====== Extracted information ======

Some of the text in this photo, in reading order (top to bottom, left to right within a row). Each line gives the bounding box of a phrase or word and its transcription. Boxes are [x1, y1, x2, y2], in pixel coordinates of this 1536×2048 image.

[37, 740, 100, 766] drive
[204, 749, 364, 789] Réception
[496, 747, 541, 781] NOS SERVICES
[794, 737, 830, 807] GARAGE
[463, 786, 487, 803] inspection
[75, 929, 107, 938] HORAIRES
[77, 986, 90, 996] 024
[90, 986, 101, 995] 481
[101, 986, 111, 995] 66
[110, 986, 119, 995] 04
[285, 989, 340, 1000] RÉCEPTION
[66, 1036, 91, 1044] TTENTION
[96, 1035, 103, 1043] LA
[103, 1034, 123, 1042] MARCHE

======

All records shown above are to be given again verbatim.

Some of the text in this photo, in reading order (top to bottom, left to right within a row). Each line gives the bounding box of a phrase or word and its transcription. Boxes are [x1, y1, x2, y2], in pixel coordinates of this 1536×2048 image.

[37, 740, 100, 766] drive
[204, 749, 364, 789] Réception
[496, 747, 541, 781] NOS SERVICES
[794, 737, 830, 807] GARAGE
[463, 786, 487, 803] inspection
[75, 929, 107, 938] HORAIRES
[77, 986, 90, 996] 024
[90, 986, 101, 995] 481
[101, 986, 111, 995] 66
[110, 986, 119, 995] 04
[285, 989, 340, 1000] RÉCEPTION
[66, 1036, 91, 1044] TTENTION
[96, 1035, 103, 1043] LA
[103, 1034, 123, 1042] MARCHE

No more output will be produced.